Advancing forest structure product validation with ground, space and unmanned aerial vehicle sensors

Brede, Benjamin


Forests play a crucial role in the functioning of the Earth’s climate system, through their role in the carbon, energy and water cycles. The accurate description and quantification of their physical structure is essential to understand these roles, predict their behaviour under future climate change and adapt management practices accordingly. Remote sensing in particular from space-borne platforms is attractive for large area assessment of forest structure due to its cost-effectiveness, repeatability and objectiveness. However, the remote sensing signal is by nature ambiguous and needs to be interpreted with solid understanding of the underlying radiative mechanisms and uncertainties need to be rigorously quantified with independent ground data. The remote sensing community has produced a range of biophysical products describing vegetation and forest structure as well as best practice guidelines for their validation. However, the full implementation of anticipated products, including systematic repetition of validation across multiple sites (Committee on Earth Observing Satellites (CEOS) Land Product Validation (LPV) stage 4), is still to be concluded. A major challenge in this context is the provision of long-term validation data sets, which need to be cost-effective, repeatable and fast to acquire in the field.

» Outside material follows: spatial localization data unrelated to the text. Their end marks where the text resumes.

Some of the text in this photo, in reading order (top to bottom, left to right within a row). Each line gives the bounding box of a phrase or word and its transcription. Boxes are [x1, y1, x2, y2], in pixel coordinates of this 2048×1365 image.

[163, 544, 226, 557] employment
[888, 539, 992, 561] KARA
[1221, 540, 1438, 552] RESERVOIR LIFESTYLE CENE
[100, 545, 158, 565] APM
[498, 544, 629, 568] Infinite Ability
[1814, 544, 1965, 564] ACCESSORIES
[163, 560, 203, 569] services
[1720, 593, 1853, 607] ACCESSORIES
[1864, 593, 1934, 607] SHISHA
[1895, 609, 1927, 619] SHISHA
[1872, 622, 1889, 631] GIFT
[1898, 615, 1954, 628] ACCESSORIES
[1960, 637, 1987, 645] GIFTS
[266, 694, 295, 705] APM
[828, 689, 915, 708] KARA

This thesis aims to investigate new ways of validation that meet the temporal and/or spatial scales of global forest structure products from space-borne missions with hectometric resolution. The particular focus is on Leaf Area Index (LAI) and Above-Ground Biomass (AGB) as metrics of physical forest structure. For the purpose of this thesis, the Speulderbos Reference site in the Veluwe forest area (The Netherlands) was established, where ground and Unmanned Aerial Vehicle (UAV)-borne sensors were tested.

In Chapter 2, the automatic, passive optical sensor PAI Autonomous System from Transmittance Sensors at 57° (PASTiS-57) was tested for its suitability to monitor forest phenology and Plant Area Index (PAI), the total one-sided area of plant material per unit ground. For this, Radiative Transfer Model (RTM) experiments with turbid media and heterogeneous scenes were employed. PASTiS-57 generally meets the CEOS LPV requirement of 20% accuracy over a wide range of biochemical and illumination conditions for turbid medium canopies. However, canopy non-randomness in discrete tree models led to strong biases. In a field experiment, PASTiS-57 compared well in terms of phenological timing with Terrestrial Laser Scanning (TLS)-based PAI time series. PASTiS-57 represents a cost-effective way to continuously monitor PAI in forests.

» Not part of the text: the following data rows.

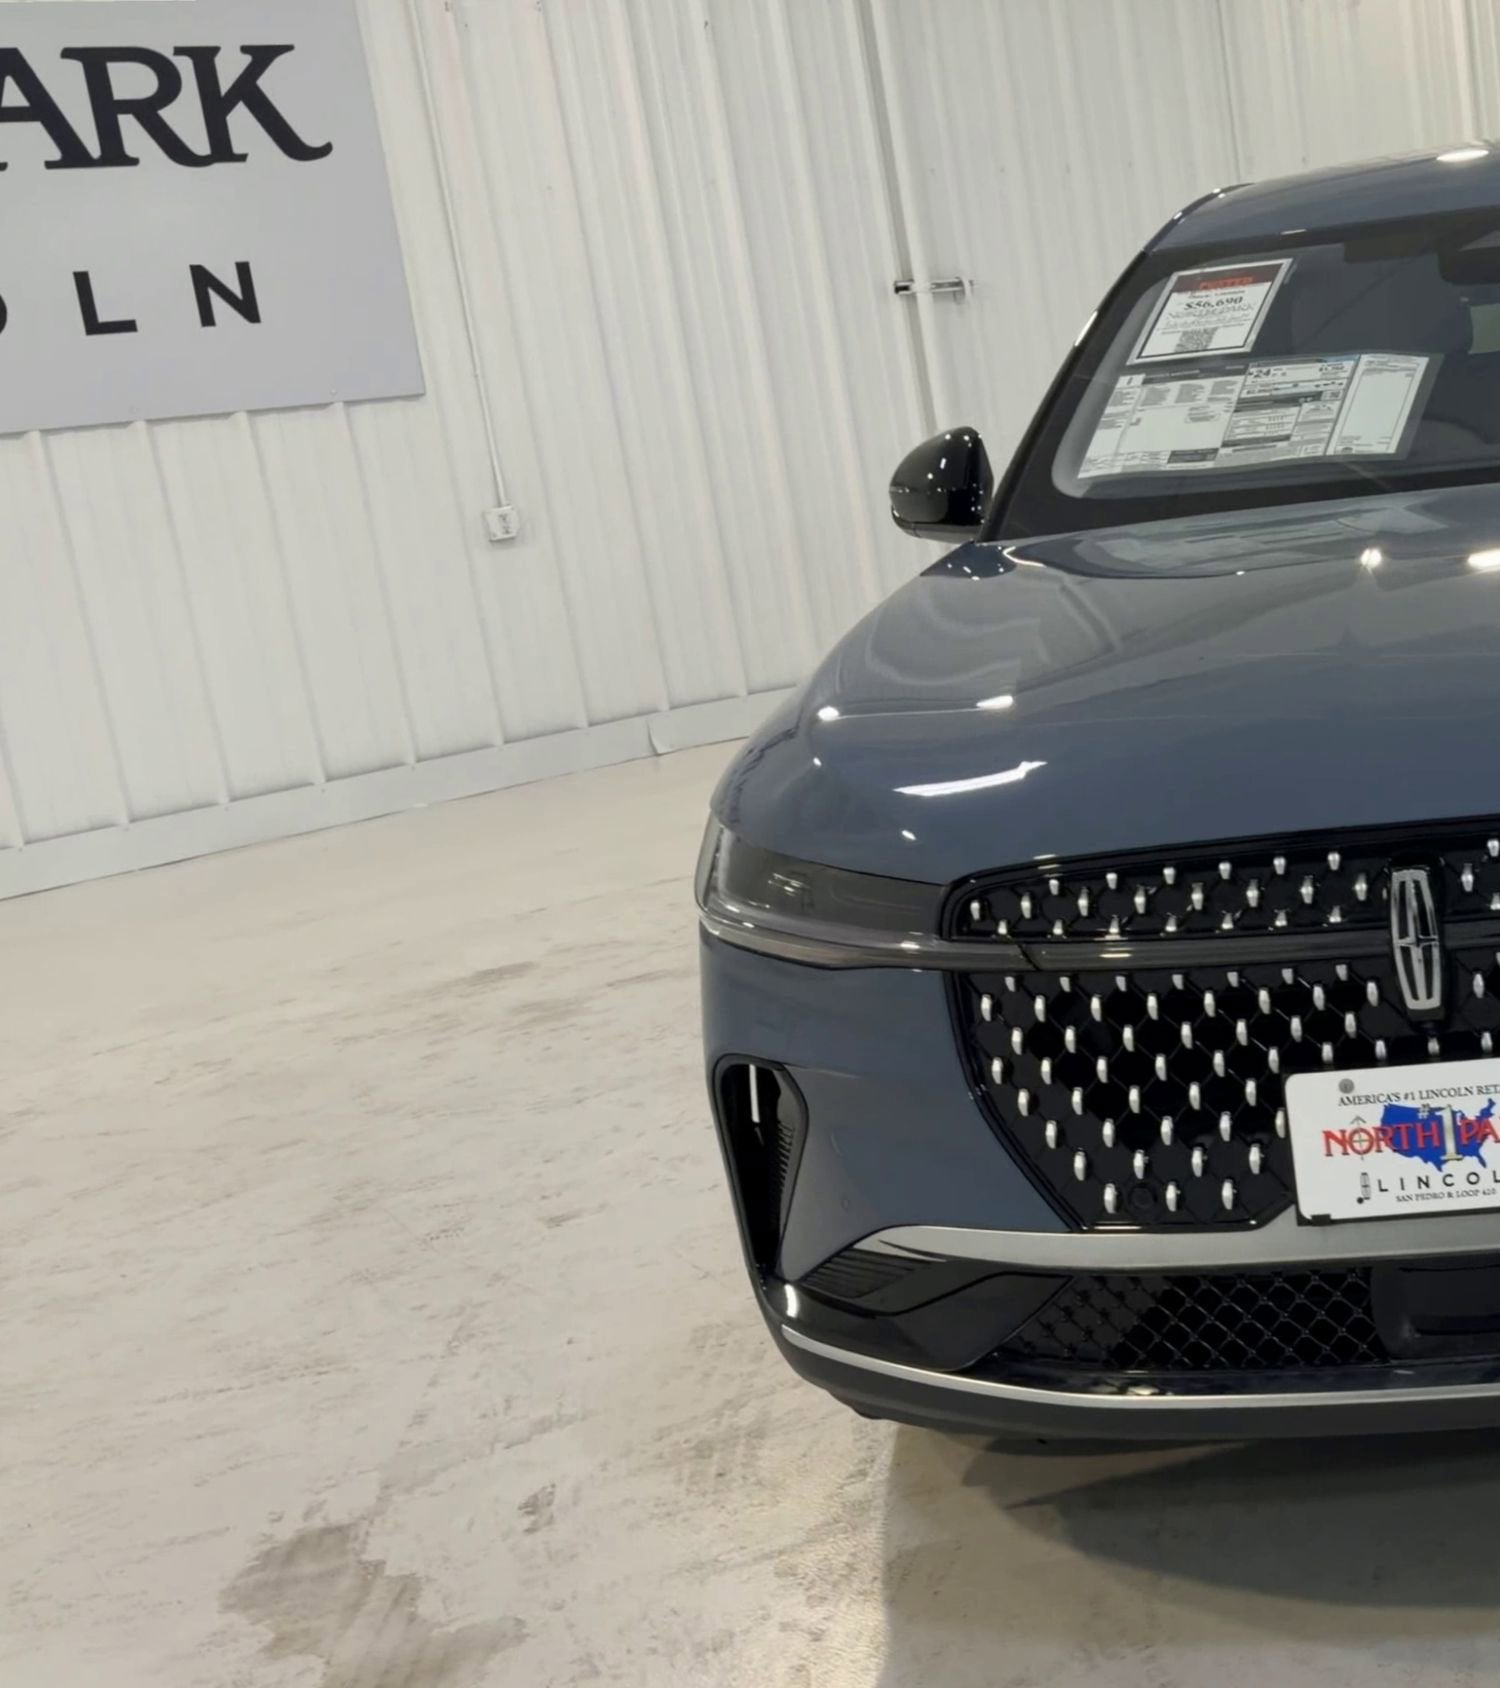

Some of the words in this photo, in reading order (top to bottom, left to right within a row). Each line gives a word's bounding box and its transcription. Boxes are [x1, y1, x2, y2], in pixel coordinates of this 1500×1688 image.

[0, 261, 261, 336] LN
[1338, 1092, 1401, 1107] AMERICA'S
[1404, 1090, 1415, 1101] #1
[1418, 1085, 1474, 1100] LINCOLN
[1322, 1120, 1441, 1157] NORTH
[1395, 1193, 1413, 1202] SAN
[1414, 1191, 1445, 1201] PEDRO
[1456, 1189, 1479, 1198] LOOP

In Chapter 3, decametric resolution Sentinel-2 and Landsat 7/8 observations were analysed with hybrid LAI retrieval algorithms, which combine RTMs with Machine Learning Regression Algorithms (MLRAs). Several combinations of RTMs, MLRAs, and modifications to the processing chain were tested in order to assess their performance to predict a ground-based LAI time series, created from combined TLS and litter trap data. Most important for the success of the processing chain was the addition of a certain level of Gaussian noise to the RTM-produced database prior to MLRA training. With this processing chain, decametric resolution optical missions can produce reference LAI products for inter-comparison with hectometric products. Alternatively, the higher resolution can help to scale up small plot-based ground validation data.

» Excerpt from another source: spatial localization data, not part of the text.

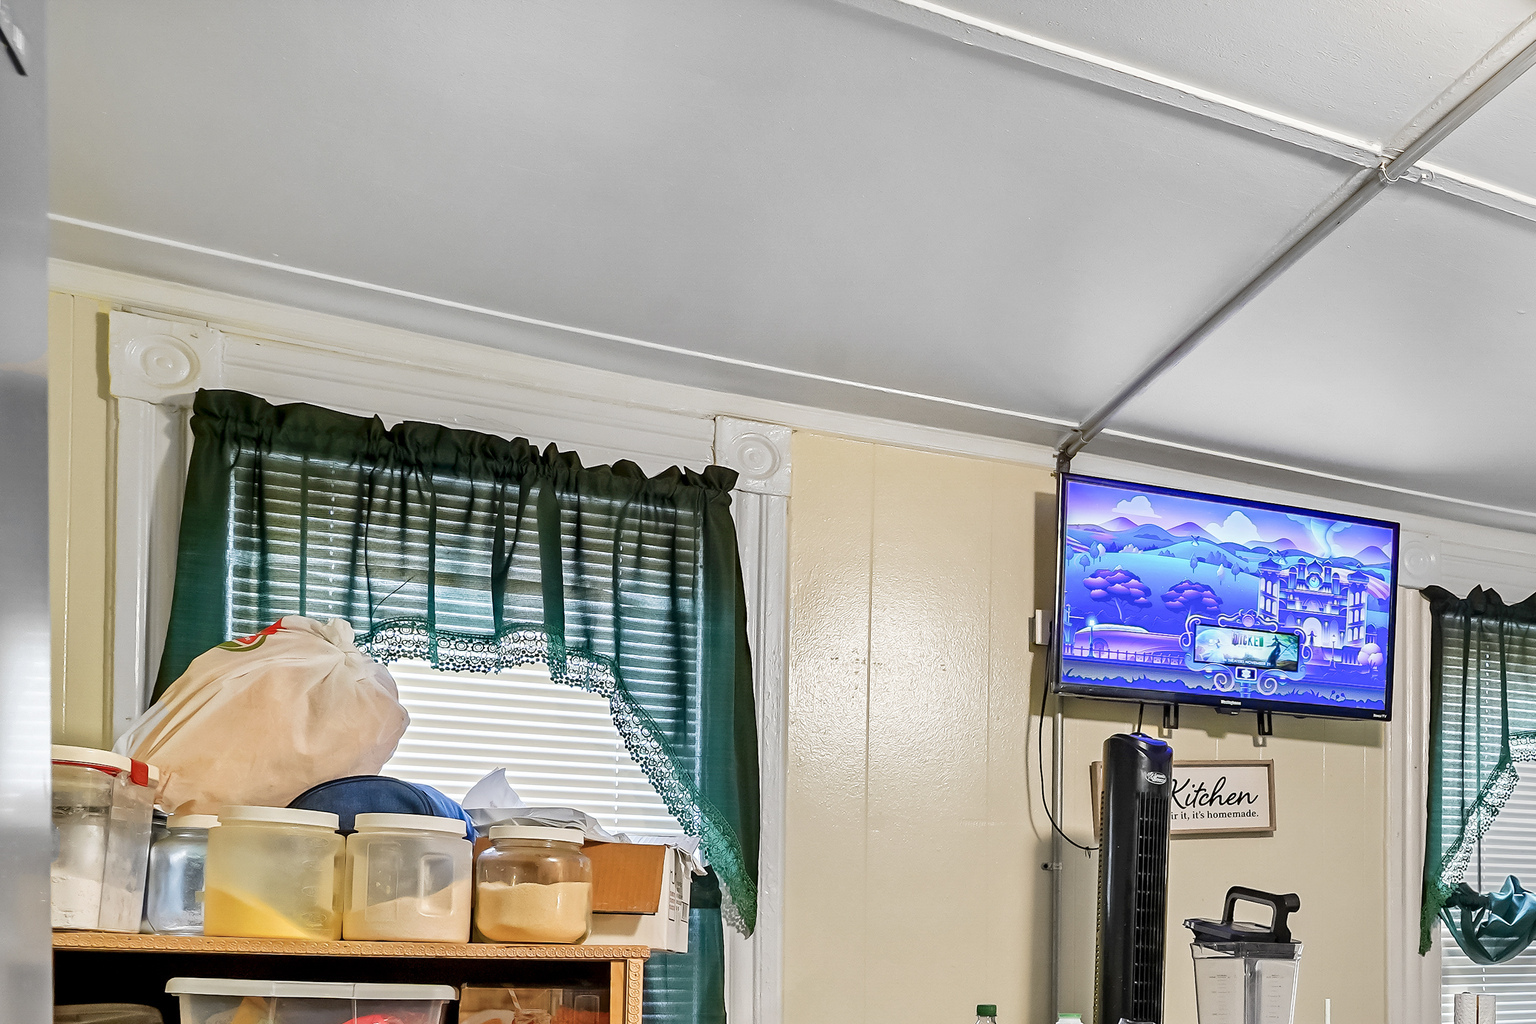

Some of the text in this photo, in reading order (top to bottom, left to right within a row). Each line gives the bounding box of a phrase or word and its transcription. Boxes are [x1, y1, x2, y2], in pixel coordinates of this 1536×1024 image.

[1232, 633, 1264, 647] WICKED
[1172, 776, 1258, 810] Kitchen
[1181, 812, 1190, 821] it,
[1192, 811, 1205, 819] it's
[1207, 809, 1259, 819] homemade.

In Chapter 4, a novel Unmanned Aerial Vehicle Laser Scanning (UAV-LS), the RiCOPTER with VUX-1UAV laser scanner, was used to estimate canopy height and Diameter at Breast Height (DBH). TLS was used to derive reference datasets for both variables. Canopy height was comparable between both sensors with a slight underestimation for TLS, which was expected due to occlusion of the upper canopy when seen from below and hence lower TLS canopy heights. DBH was derived for the first time from UAV-LS data and compared well with TLS derived DBH. However, a part of the UAV-LS samples could not produce a meaningful estimate of DBH based on the extracted point cloud segment due to low point density. Repeated overpasses could counteract this to some degree. In this context, UAV-LS can support fast, plot-scale assessment of these two variables.

In Chapter 5, the capabilities of UAV-LS are further explored in terms of explicit 3D modelling in order to estimate tree volume, which is the first step to retrieve tree AGB. For this purpose, 3D cylinder models were fitted to the segmented single trees with the TreeQSM routine. The resulting models were compared with TLS-based models and analysed separately for five different stands with varying architectures, including deciduous and coniferous species. UAV-LS was generally very successful in modelling large, deciduous trees, while coniferous trees with low branches and foliage as well as small trees proved more difficult. If successful, UAV-LS can provide the means to produce plot-scale assessment of woody volume and subsequently AGB at a fraction of time needed for TLS surveys.

This thesis investigates new ways of forest structure product validation with techniques and sensors that meet the temporal and/or spatial resolution of hectometric space-borne missions.